**Material shown:**

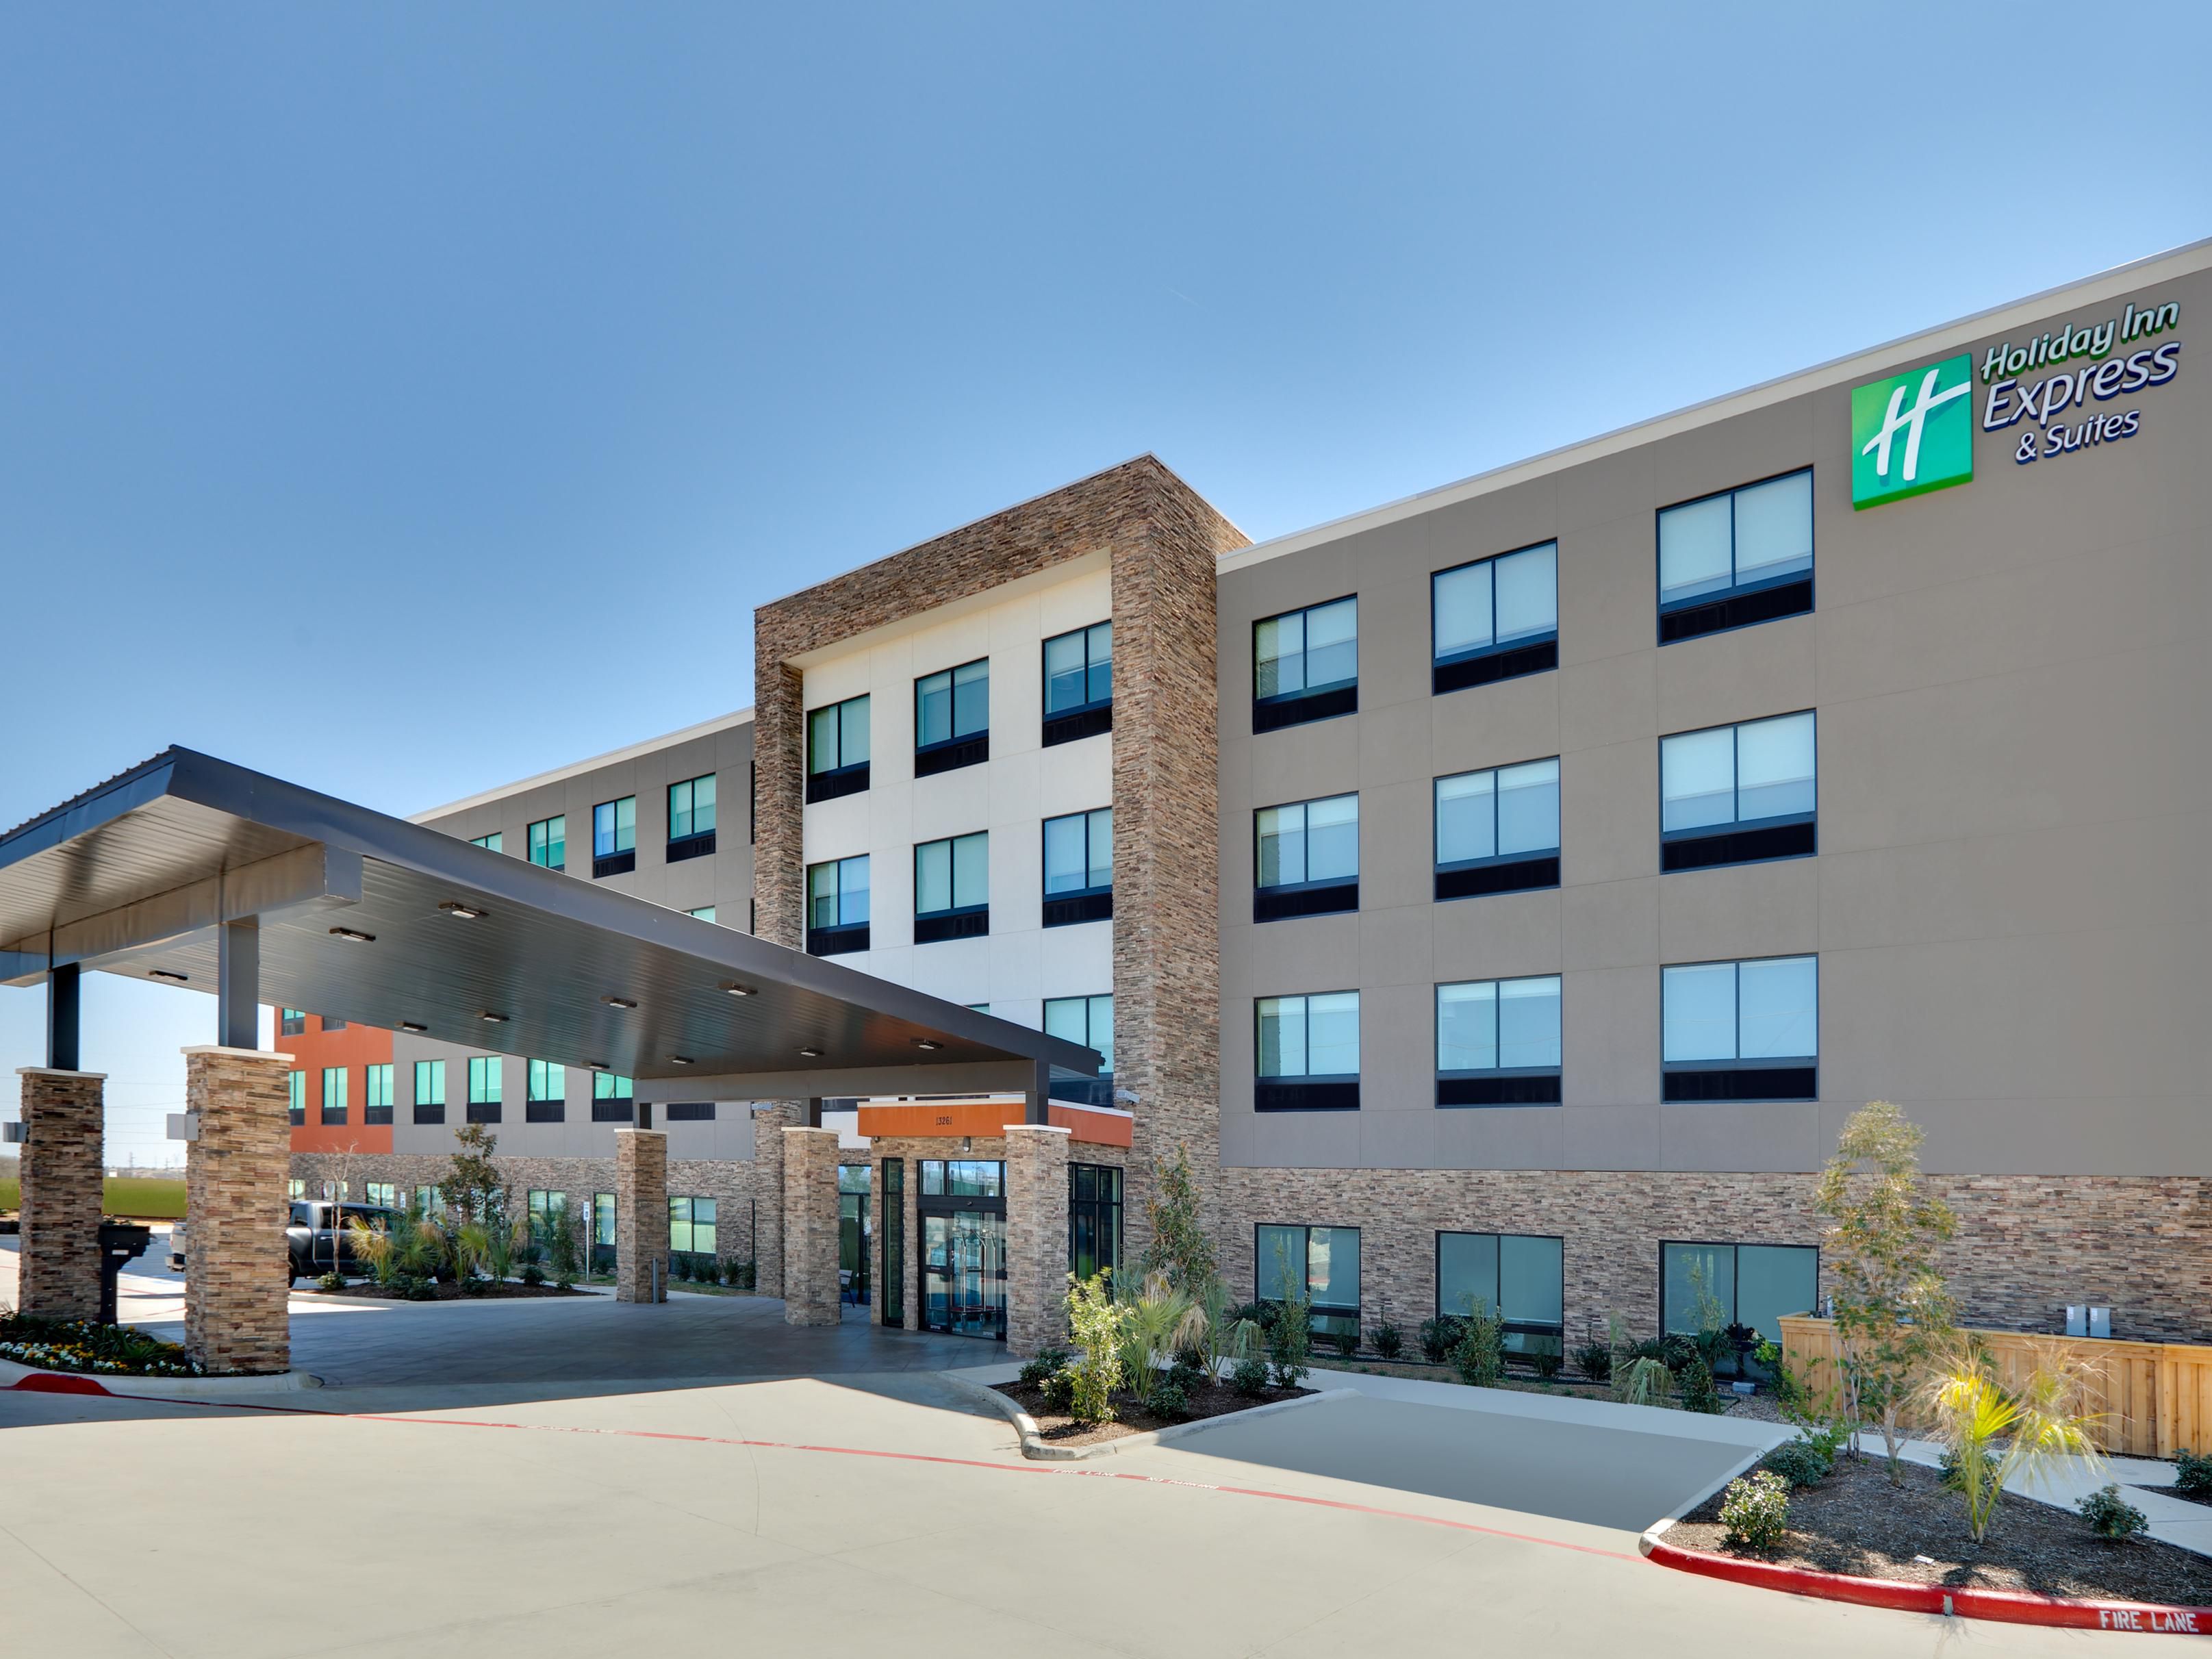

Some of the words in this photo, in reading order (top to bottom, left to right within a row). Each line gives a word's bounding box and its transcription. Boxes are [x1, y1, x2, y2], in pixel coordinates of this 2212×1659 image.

[1982, 318, 2115, 383] Holiday
[2121, 301, 2180, 344] Inn
[1983, 342, 2181, 431] Express
[2016, 433, 2037, 464] &
[2044, 411, 2140, 458] Suites
[936, 1116, 952, 1126] 13261
[2100, 1610, 2143, 1630] FIRE
[2151, 1612, 2199, 1632] LANE
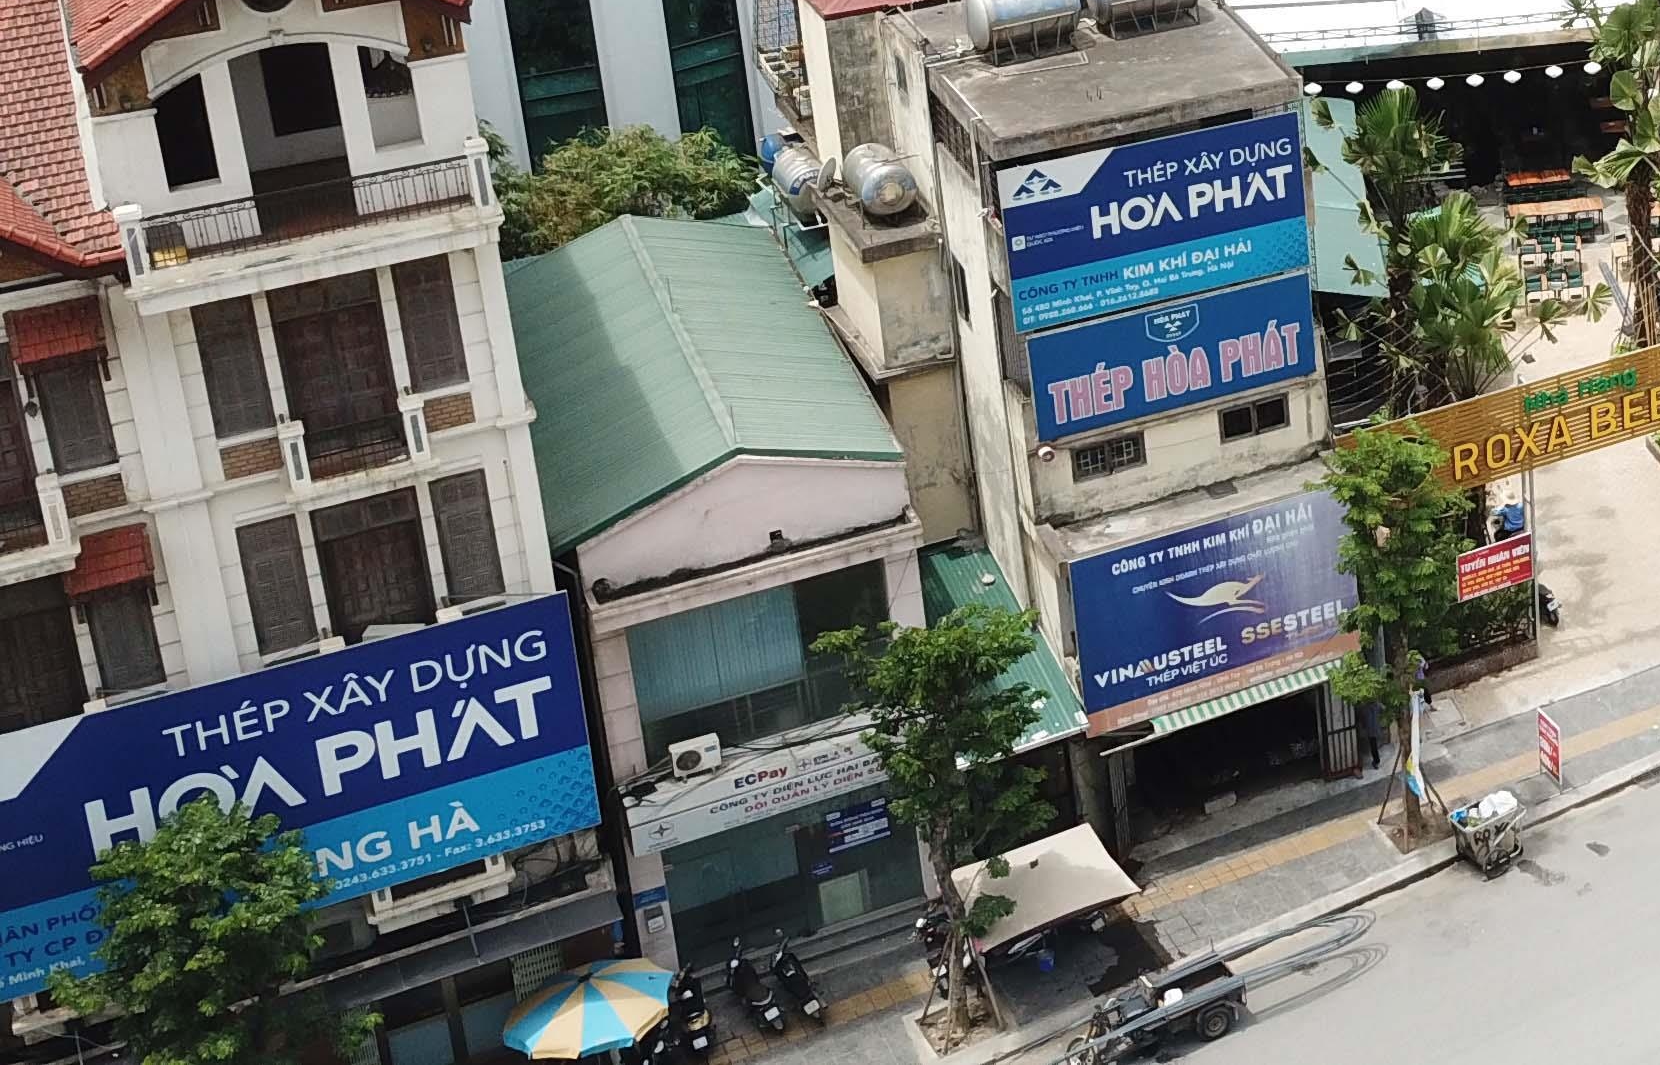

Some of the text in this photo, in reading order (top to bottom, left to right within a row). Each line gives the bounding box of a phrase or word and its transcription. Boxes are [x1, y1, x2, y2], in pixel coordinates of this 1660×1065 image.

[1124, 138, 1292, 188] THÉP XÂY DỰNG
[1090, 165, 1293, 240] HÒA PHÁT
[1018, 237, 1251, 300] CÔNG TY TNHH KIM KHÍ ĐẠI HẢI
[1048, 319, 1301, 424] THÉP HÒA PHÁT
[1453, 414, 1574, 481] ROXA
[1111, 554, 1146, 576] CÔNG
[1149, 549, 1164, 565] TY
[1168, 541, 1200, 560] TNHH
[1203, 533, 1226, 550] KIM
[1229, 523, 1250, 543] KHÍ
[1252, 511, 1281, 534] ĐẠI
[1285, 502, 1313, 525] HẢI
[1241, 599, 1348, 645] SSESTEEL
[1094, 637, 1227, 688] VINAUSTEEL
[1145, 667, 1181, 687] THÉP
[1180, 658, 1207, 677] VIỆT
[1209, 652, 1228, 668] ÚC
[162, 629, 548, 758] THÉP XÂY DỰNG
[315, 675, 553, 797] PHÁT
[710, 797, 748, 814] CÔNG
[754, 790, 769, 802] TY
[837, 762, 859, 775] HAI
[734, 766, 788, 789] ECPay
[408, 801, 481, 850] HÀ
[444, 841, 473, 858] Fax:
[474, 819, 547, 848] 3.633.3753
[6, 947, 35, 967] TY
[44, 935, 76, 958] CP
[9, 967, 45, 986] Minh
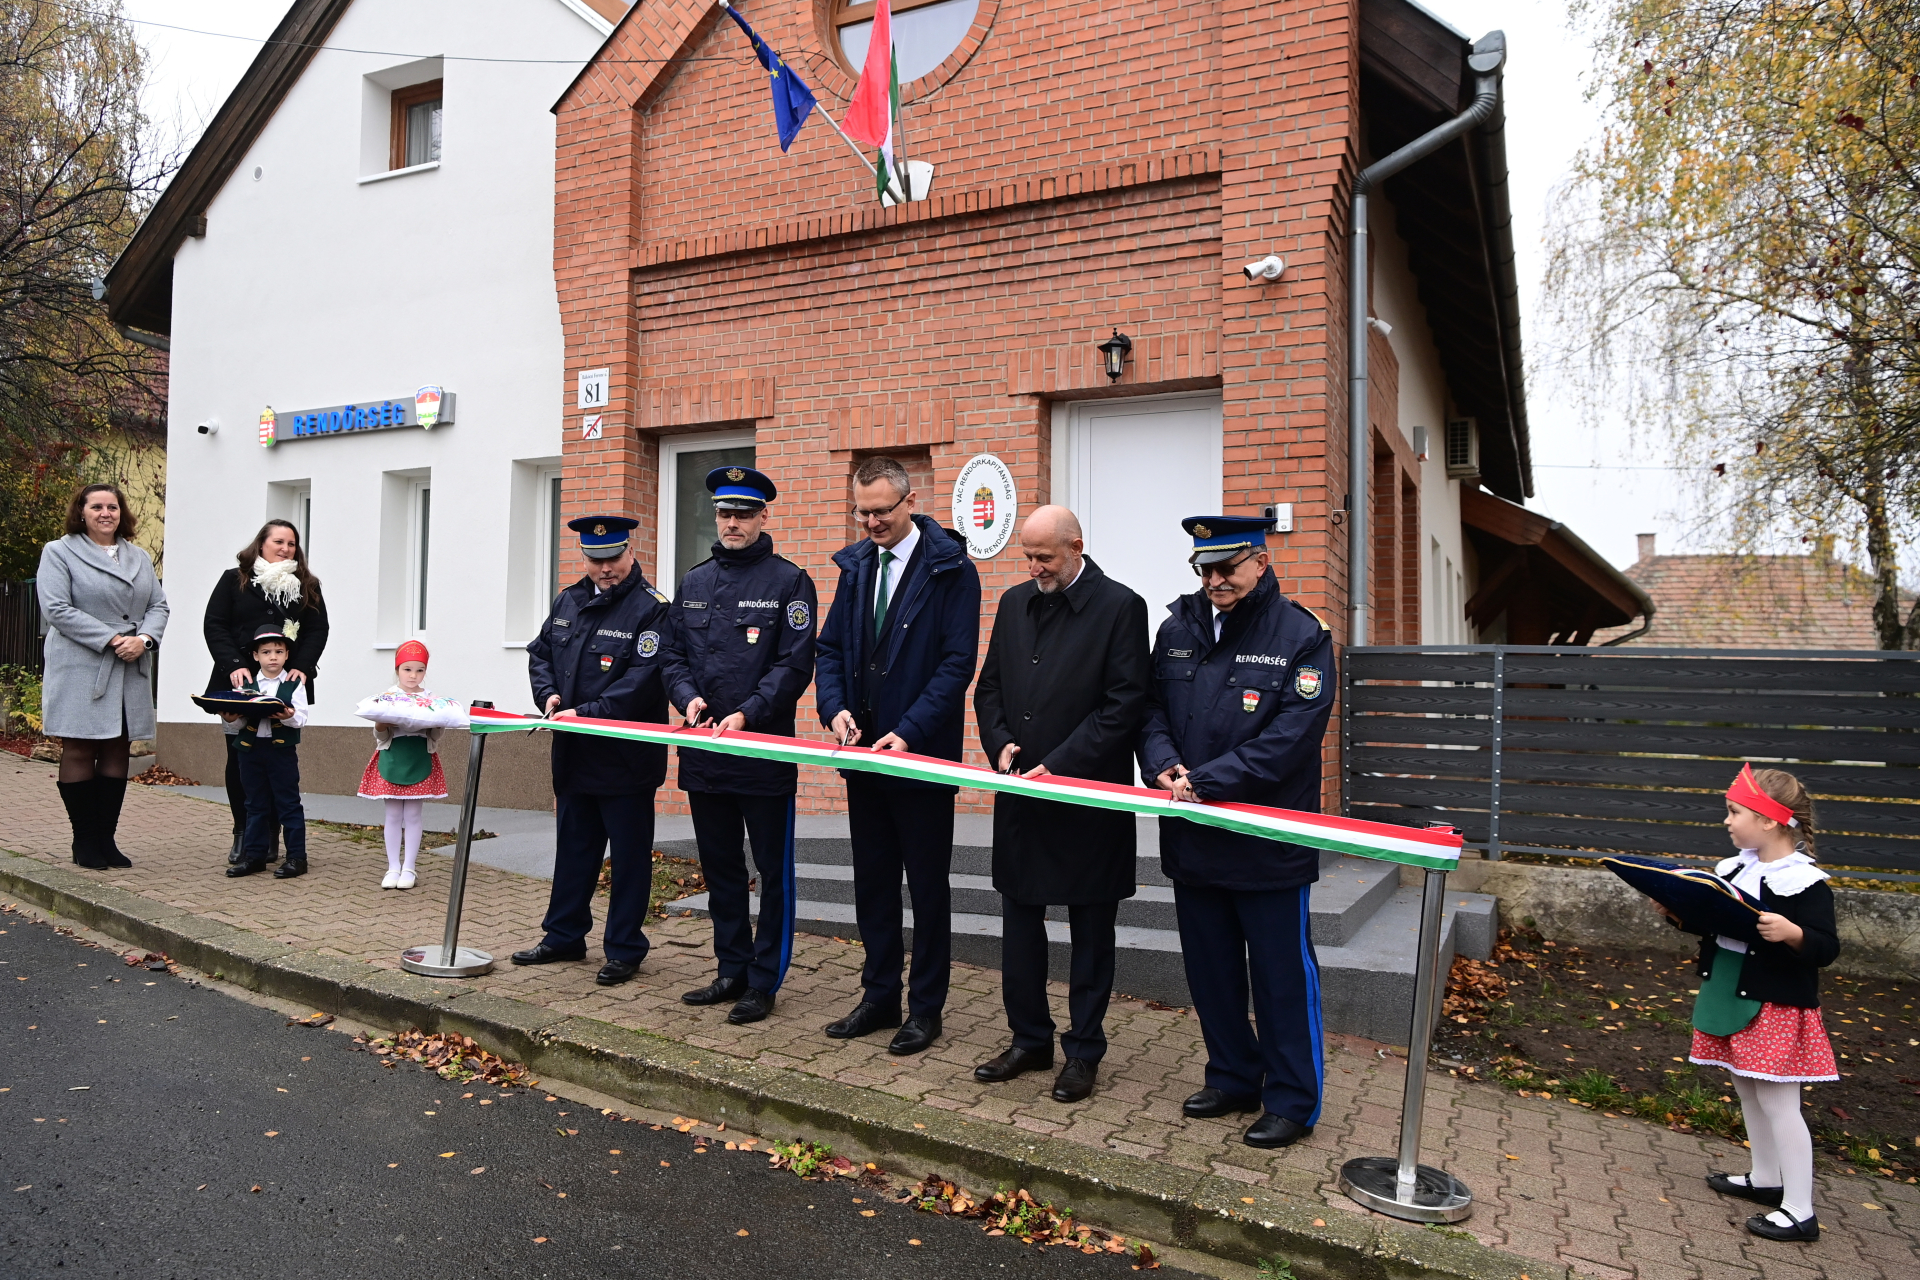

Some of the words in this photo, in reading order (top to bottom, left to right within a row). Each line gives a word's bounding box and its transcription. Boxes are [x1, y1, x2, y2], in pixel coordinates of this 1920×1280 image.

[585, 382, 601, 403] 81
[293, 401, 404, 435] RENDŐRSÉG
[959, 458, 1012, 500] RENDŐRKAPITÁNYSÁG
[956, 487, 964, 504] VÁC
[983, 512, 1012, 555] RENDŐRŐRS
[737, 598, 779, 609] RENDŐRSÉG
[596, 629, 633, 640] RENDŐRSG
[1235, 654, 1288, 667] RENDŐRSÉG

**Problem to work on:** Everything in the material above is to be reproduced exactly, pictures aside.

**Answer box:**
Some of the words in this photo, in reading order (top to bottom, left to right within a row). Each line gives a word's bounding box and its transcription. Boxes are [x1, y1, x2, y2], in pixel coordinates of this 2212×1659 image.

[1982, 318, 2115, 383] Holiday
[2121, 301, 2180, 344] Inn
[1983, 342, 2181, 431] Express
[2016, 433, 2037, 464] &
[2044, 411, 2140, 458] Suites
[936, 1116, 952, 1126] 13261
[2100, 1610, 2143, 1630] FIRE
[2151, 1612, 2199, 1632] LANE

Some of the text in this photo, in reading order (top to bottom, left to right within a row). Each line gives the bounding box of a phrase or word and its transcription. Boxes are [x1, y1, x2, y2], in pixel coordinates of this 1660×1065 image.

[1124, 138, 1292, 188] THÉP XÂY DỰNG
[1090, 165, 1293, 240] HÒA PHÁT
[1018, 237, 1251, 300] CÔNG TY TNHH KIM KHÍ ĐẠI HẢI
[1048, 319, 1301, 424] THÉP HÒA PHÁT
[1453, 414, 1574, 481] ROXA
[1111, 554, 1146, 576] CÔNG
[1149, 549, 1164, 565] TY
[1168, 541, 1200, 560] TNHH
[1203, 533, 1226, 550] KIM
[1229, 523, 1250, 543] KHÍ
[1252, 511, 1281, 534] ĐẠI
[1285, 502, 1313, 525] HẢI
[1241, 599, 1348, 645] SSESTEEL
[1094, 637, 1227, 688] VINAUSTEEL
[1145, 667, 1181, 687] THÉP
[1180, 658, 1207, 677] VIỆT
[1209, 652, 1228, 668] ÚC
[162, 629, 548, 758] THÉP XÂY DỰNG
[315, 675, 553, 797] PHÁT
[710, 797, 748, 814] CÔNG
[754, 790, 769, 802] TY
[837, 762, 859, 775] HAI
[734, 766, 788, 789] ECPay
[408, 801, 481, 850] HÀ
[444, 841, 473, 858] Fax:
[474, 819, 547, 848] 3.633.3753
[6, 947, 35, 967] TY
[44, 935, 76, 958] CP
[9, 967, 45, 986] Minh

Some of the words in this photo, in reading order (top to bottom, left to right within a row). Each line gives a word's bounding box and its transcription. Boxes are [x1, y1, x2, y2], in pixel coordinates of this 1920×1280 image.

[585, 382, 601, 403] 81
[293, 401, 404, 435] RENDŐRSÉG
[959, 458, 1012, 500] RENDŐRKAPITÁNYSÁG
[956, 487, 964, 504] VÁC
[983, 512, 1012, 555] RENDŐRŐRS
[737, 598, 779, 609] RENDŐRSÉG
[596, 629, 633, 640] RENDŐRSG
[1235, 654, 1288, 667] RENDŐRSÉG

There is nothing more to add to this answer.